Favorite one-line review about the book
Blend H. G. Wells’ The Time Machine with BBC’s Dr. Who, add a side of Jon D. MacDonald’s The Girl, The Gold Watch and Everything, season generously with Jasper Fforde’s Thursday Next novels, and you have a taste for Rysa Walker’s first-in-a-series work Time’s Twisted Arrow: Book One of the CHRONOS Files.
Favorite 6 sentences from the book
“I felt a bit awkward when I walked back into the bedroom, even though far more of my body was exposed by the shorts and tank-tops I usually wore than by the yards of white silk and lace in which I was now enveloped.
He raised an appreciative eyebrow and smiled, as he took me by the shoulders and turned me around to begin pulling the laces together. He didn’t cinch it as tightly as Katherine had, but I thought it was tight enough that the dress would fit. When he was done with the laces, he lifted my hair and pushed it over one shoulder, pressing his lips against the nape of my neck and adding several more very gentle kisses down my back until he reached the lace edge of the camisole. His breath was warm against my skin and I locked my knees to keep from melting into a gooey puddle on the floor.
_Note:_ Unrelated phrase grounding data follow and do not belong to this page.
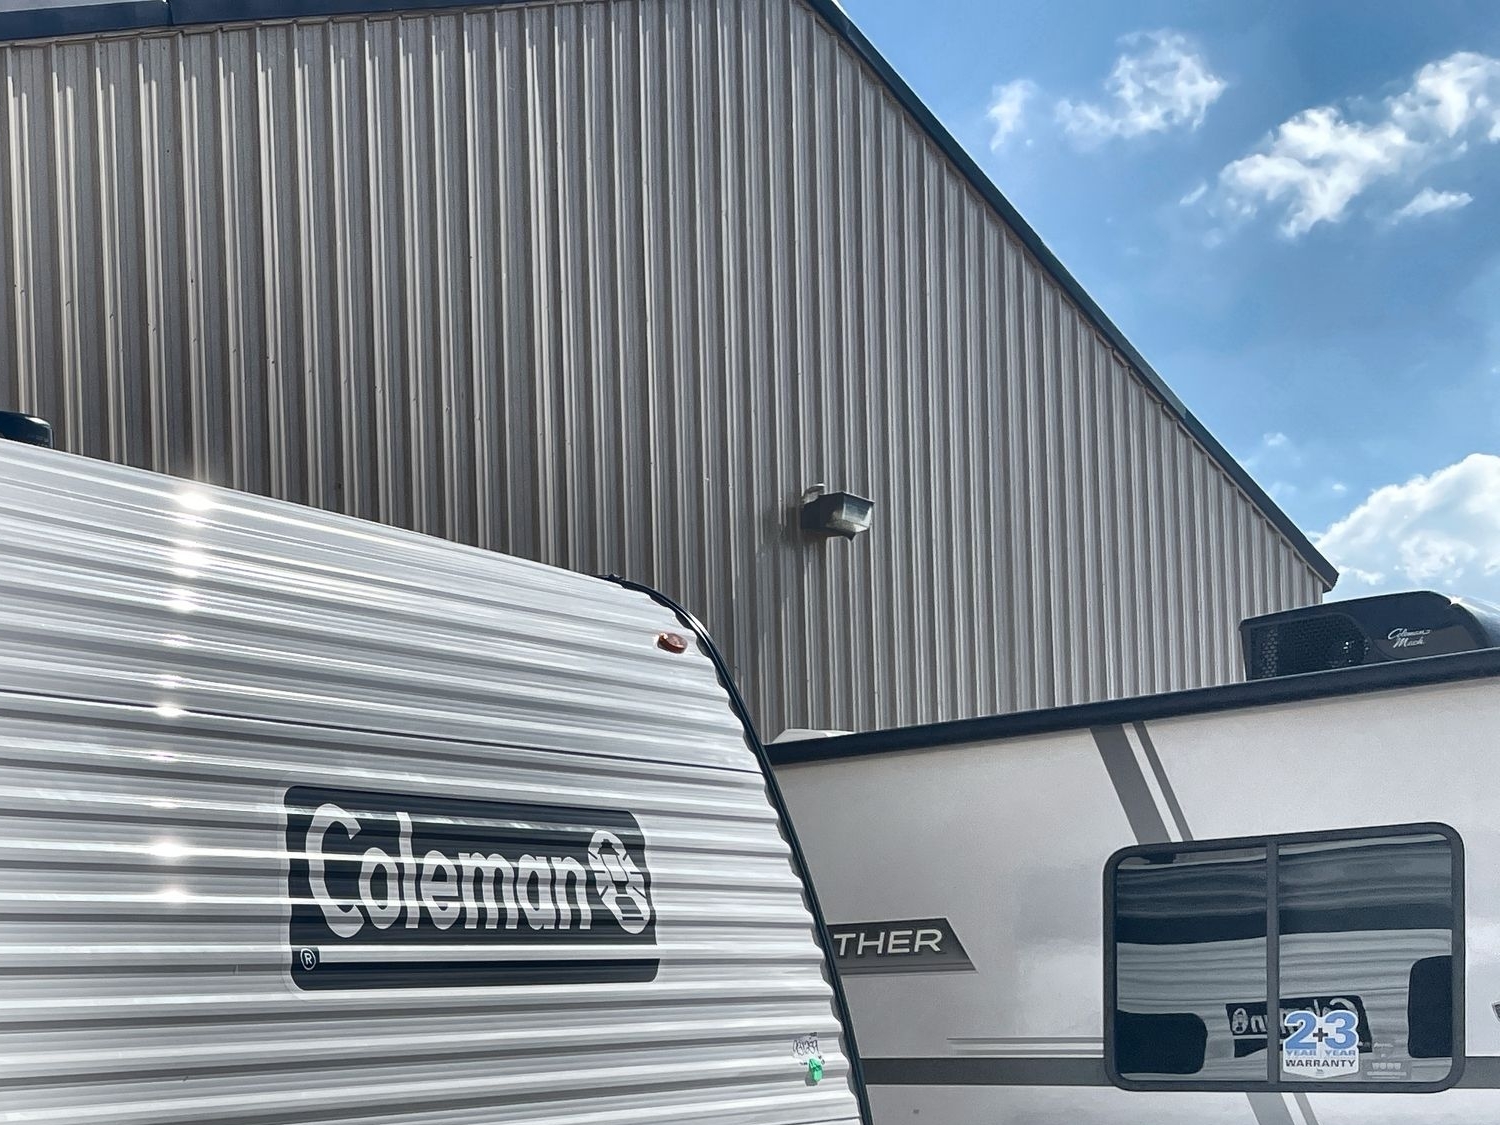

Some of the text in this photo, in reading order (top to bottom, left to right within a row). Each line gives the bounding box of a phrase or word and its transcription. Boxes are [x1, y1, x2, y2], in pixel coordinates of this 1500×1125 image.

[305, 803, 592, 938] Coleman
[833, 928, 943, 956] THER
[1285, 1059, 1356, 1068] WARRANTY
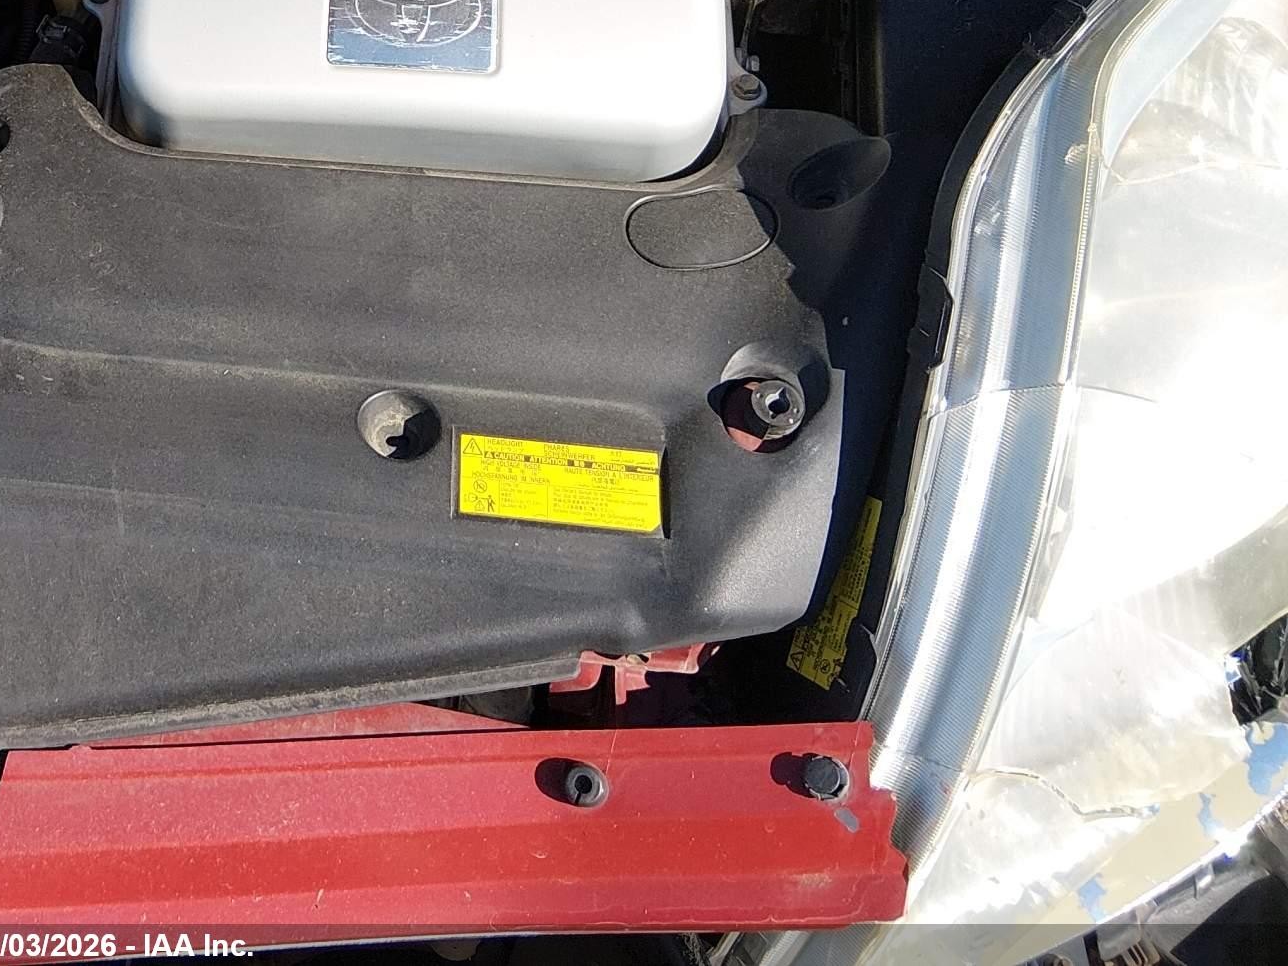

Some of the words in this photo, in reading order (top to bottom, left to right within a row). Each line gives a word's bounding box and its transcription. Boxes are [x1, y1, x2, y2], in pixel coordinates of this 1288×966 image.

[487, 438, 522, 447] HEADLIGHT
[544, 444, 569, 452] PHARES
[494, 452, 523, 460] CAUTION
[530, 455, 566, 465] ATTENTION
[591, 462, 624, 471] ACHTUNG
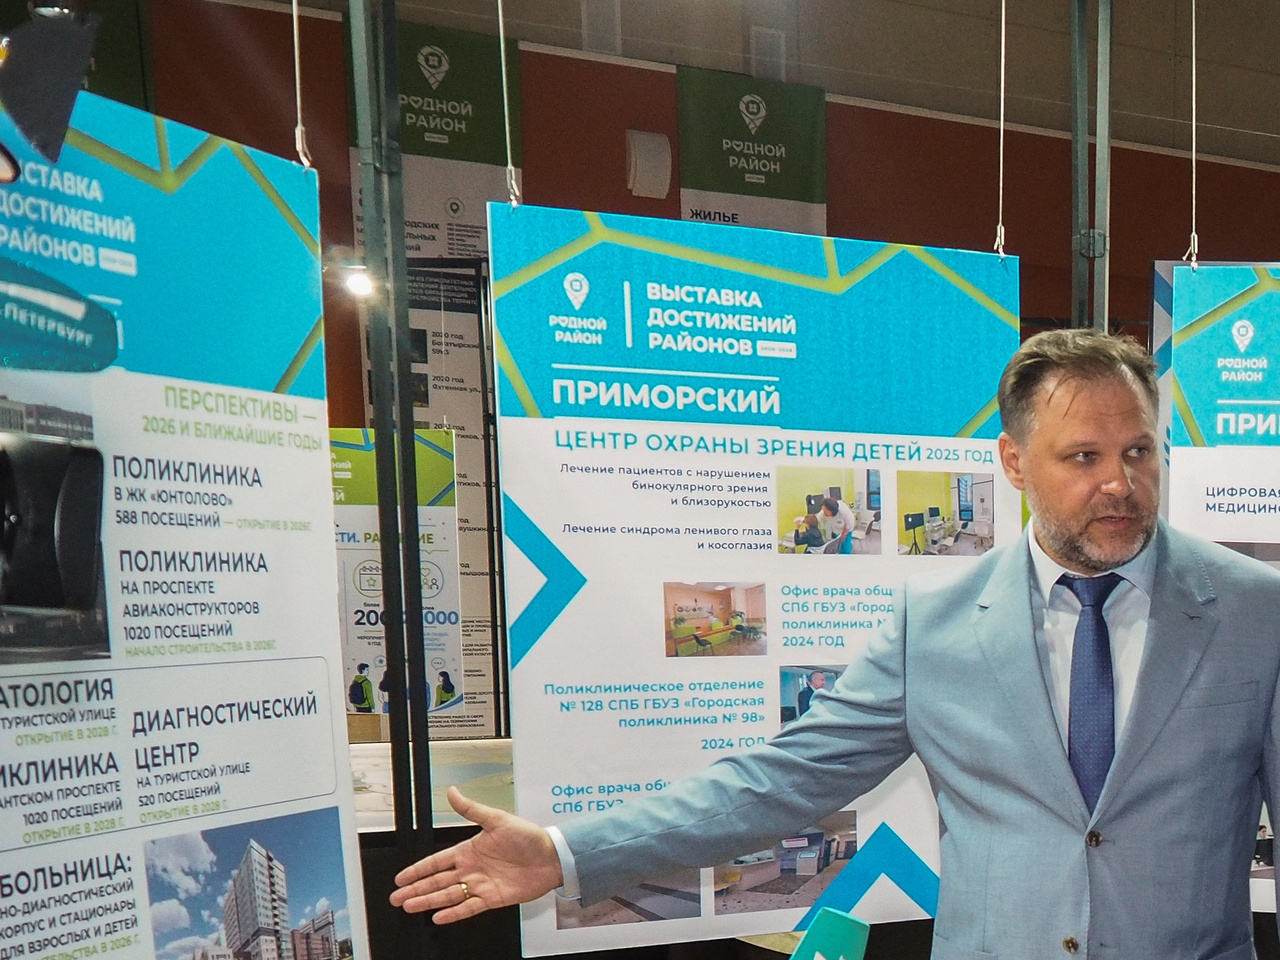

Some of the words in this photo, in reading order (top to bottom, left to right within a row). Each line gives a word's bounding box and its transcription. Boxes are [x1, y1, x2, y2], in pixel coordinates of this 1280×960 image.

“”Promise me,”” Trey said, very softly, as he turned me around to face him, “”that one day, I will have the pleasure of unlacing this contraption.”””
or find it on Goodreads
But before you go, one last question …
There is no better class than _____________
Reason #1: The teacher was the football coach and most of the guys in the class were on his team. So instead of those awful mangled up videos of car accidents that most people saw in driver’s ed, he showed videos of the last football game or videos he’d gotten of the next team we were facing, etc. The jocks were glued to screen, and the rest of us napped.
Reason #2: A driver’s license at the end. For someone who lived ten miles away from even the teeny tiny town where I went to school, that license was a …
Bonus! Okay … one last one …
What really happened on prom night …
At the post-prom beach house party, my ex-boyfriend and the skanky little witch he took up with decided to go into one of the bedrooms to make out. The stereo was also in that room, and we’d been listening to the same tunes for nearly an hour. No one was willing to interrupt them. My best friend (and new prom date) tried to talk me out of it, but the two margaritas I’d consumed were insisting it was a very good, absolutely wonderful idea. The margaritas were talking louder than the best friend at that point, so I grabbed an ice-pick and used it to jimmy open the locked bedroom door.
I really think the ex believed that ice pick was intended for him when the door opened. (To be honest, he was a very tempting target.) Instead, I walked over to the stereo to change the music — and told them on the way out that they might want to finish their little rendezvous pretty quickly, because I’d be back if the songs started repeating.
Congratulations, Rysa! Good luck with Time’s Twisted Arrow: Book One of the CHRONOS Files!